I read some related topics here and there, including in this forum, yet not succeeded in apply the solution to my specific problem. My apologies if this question is already answered.
Below, I’ll give you the generic context then explain my issue.
Here is the context of my question:
S3 altimetry files are distributed as netcdf files, one file per orbit.
The structure of a netcdf file is quite simple: some one-dimensional variables with a time dimension.
The dimension of the time varies from one file to another.
My whole environment relies on xarray so I would like to remaing using xarray for I/O.
Each file is easily read with xarray.open_dataset
<xarray.Dataset>
Dimensions: (time: 2553)
Coordinates:
* time (time) datetime64[ns] 2017...
lat (time) float64 ...
lon (time) float64 ...
Data variables: (12/53)
surf_type_01 (time) float32 ...
dist_coast_01 (time) float64 ...
range_ocean_rms_01_ku (time) float32 ...
Loading a large bunch of individual netcdf files with open_mfdataset is sometimes very long so I’m trying to improve the performances using zarr
To do so, I’m trying to write each individual netcdf files in a single zarr store using concurent.futures.
I found somewhere
- how to initialize the store with a compute=false
- how to set the append mode and declare the dimension to expand
- that it could be necessary to use a Zarr synchronizer
ZARR_SYNC=zarr.ProcessSynchronizer('zarr/sync_zarr.sync')

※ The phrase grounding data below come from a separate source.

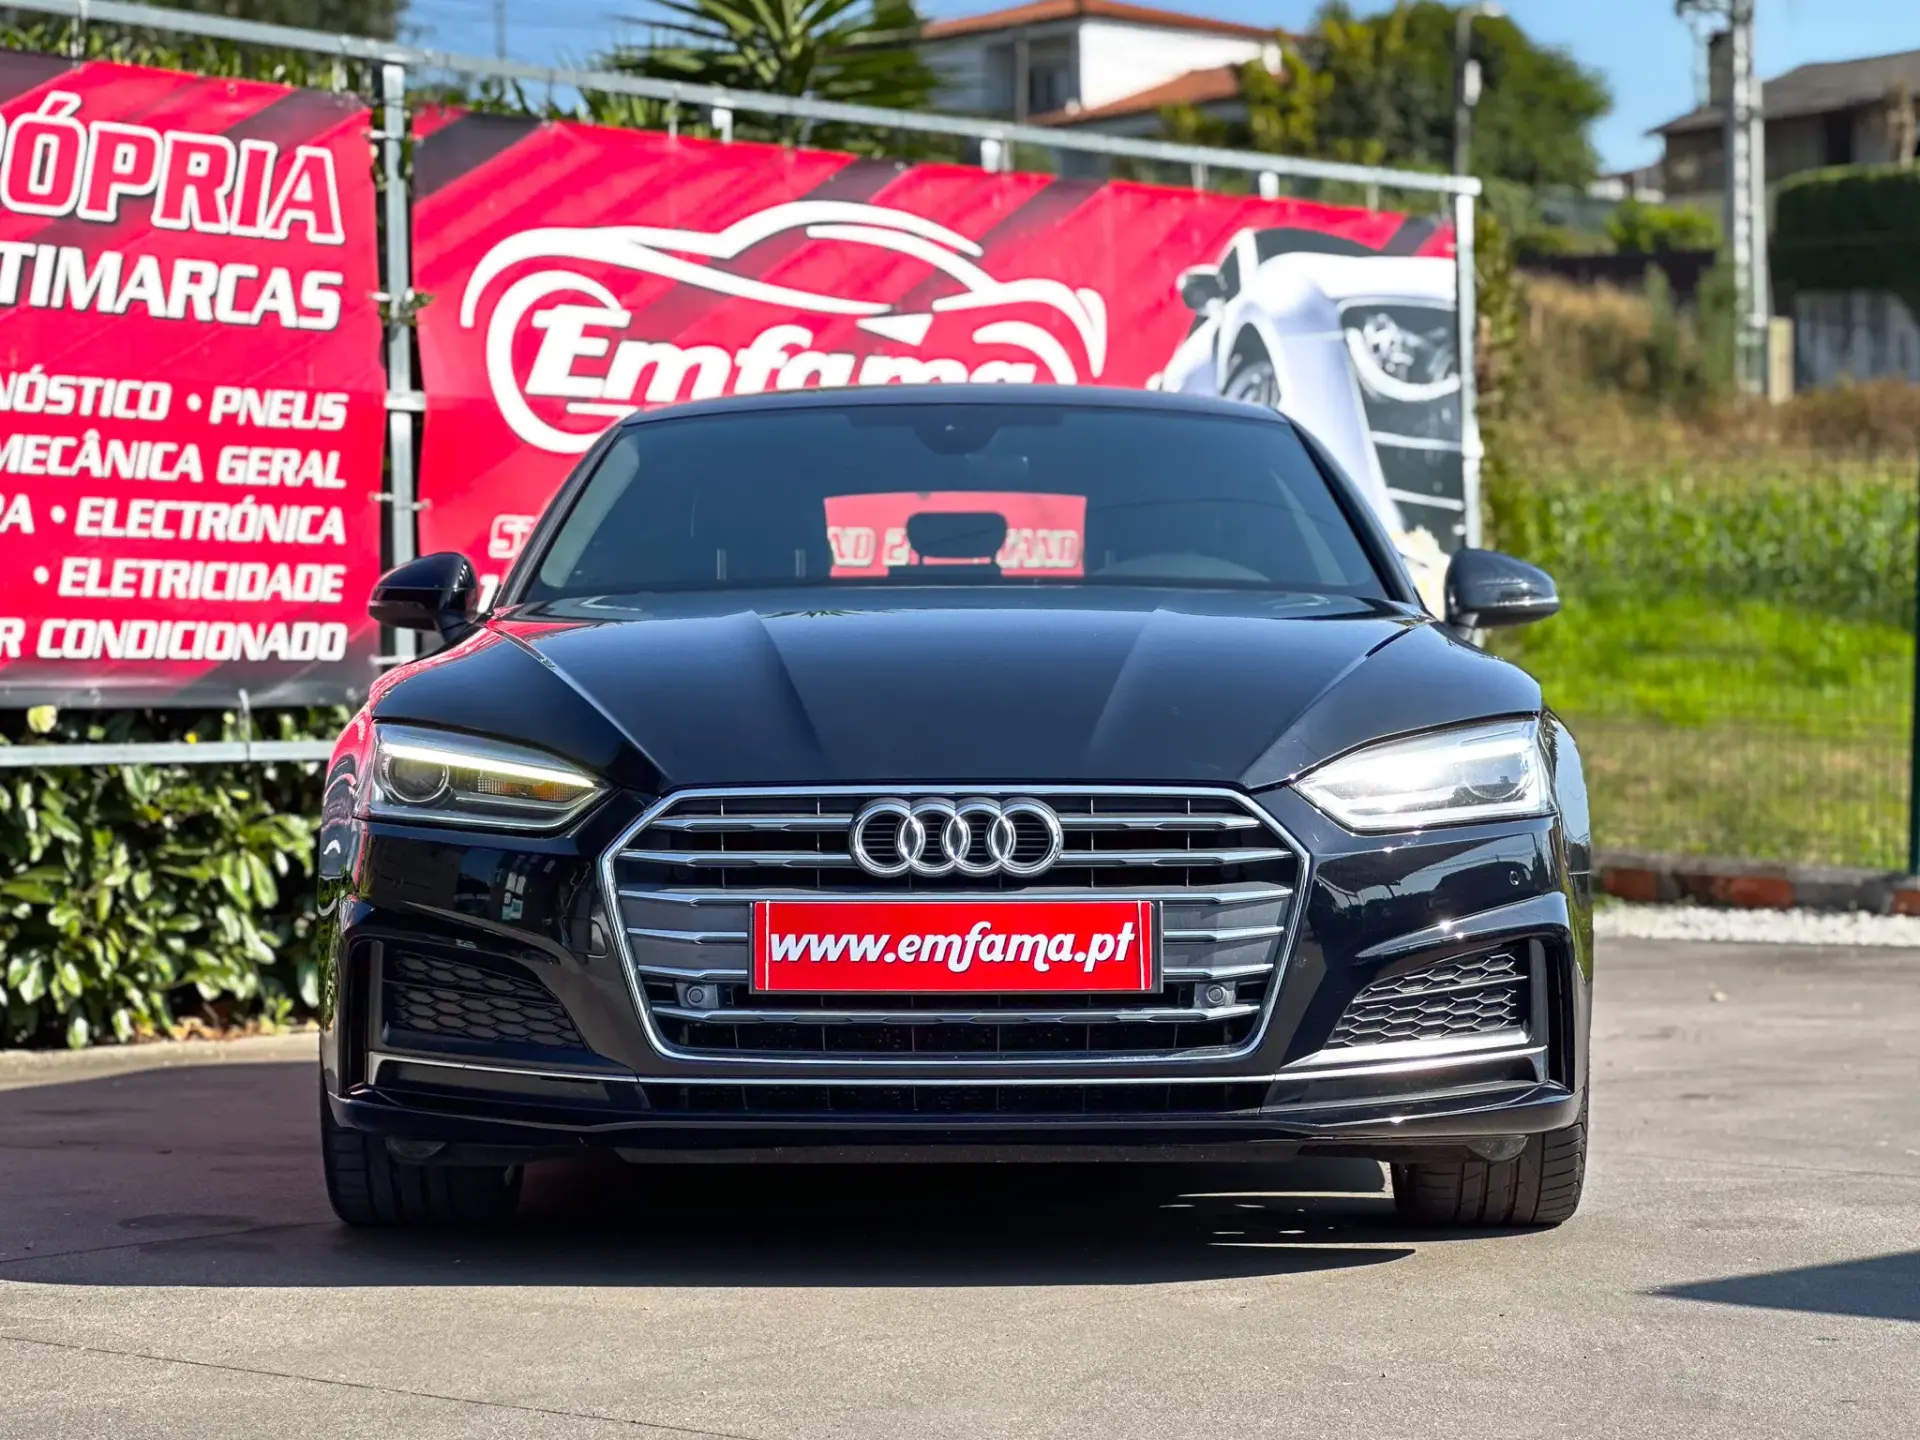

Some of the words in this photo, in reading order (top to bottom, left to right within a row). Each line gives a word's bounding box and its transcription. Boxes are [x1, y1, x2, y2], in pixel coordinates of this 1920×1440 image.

[0, 91, 346, 246] ÓPRIA
[0, 242, 344, 331] TIMARCAS
[209, 386, 348, 431] PNEUS
[216, 446, 347, 489] GERAL
[0, 493, 35, 534] A
[74, 494, 346, 545] ELECTRÓNICA
[58, 556, 347, 603] ELETRICIDADE
[37, 618, 348, 662] CONDICIONADO
[771, 921, 1135, 973] www.emfama.pt

def load_netcdf_write_zarr_1store(fname):
ds = xr.open_dataset(os.path.join(datadir,fname))
fname = 'zarr_store_from_netcdf.zarr'
fname = os.path.join(zarrdir,fname)
ds.to_zarr(fname,mode='a',append_dim='time',synchronizer=ZARR_SYNC)
return 1
flist = glob.glob(os.path.join(datadir,'S3A_SR_2_WAT____*_*_*_*_01[0]_???_*'))
flist.sort()
print('#',len(flist))
# The values of this dask array are entirely irrelevant; only the dtype,
# shape and chunks are used
fname = flist[0]
ds = xr.open_dataset(os.path.join(datadir,fname))
# Now we write the metadata without computing any array values
fname = 'zarr_store_from_netcdf.zarr'
fname = os.path.join(zarrdir,fname)
ds.to_zarr(fname,compute=False,synchronizer=ZARR_SYNC)
# parallel
with_threads_start = time.time()
with concurrent.futures.ProcessPoolExecutor() as executor:
out = executor.map(load_netcdf_write_zarr_1store,flist)
print("With threads time:",time.time() - with_threads_start)
everything seems fine when this code is executed over about 1000 netcdf files.
but when I try to load the file using xarray.open_zarr, it seems that the zarr store is not properly filled
ValueError: conflicting sizes for dimension 'time': length 31616 on 'wtc' and length 39802 on {'time': 'att_ku'}
So here it is. This is probably a common situation but I could not find a way to fix this.
I’ve seen some topics related to ‘region’ option but since the time dimension varies from one file to another + I use concurrent writing, I can’t see how it would apply here.
Any suggestions is more than welcomed, thank you !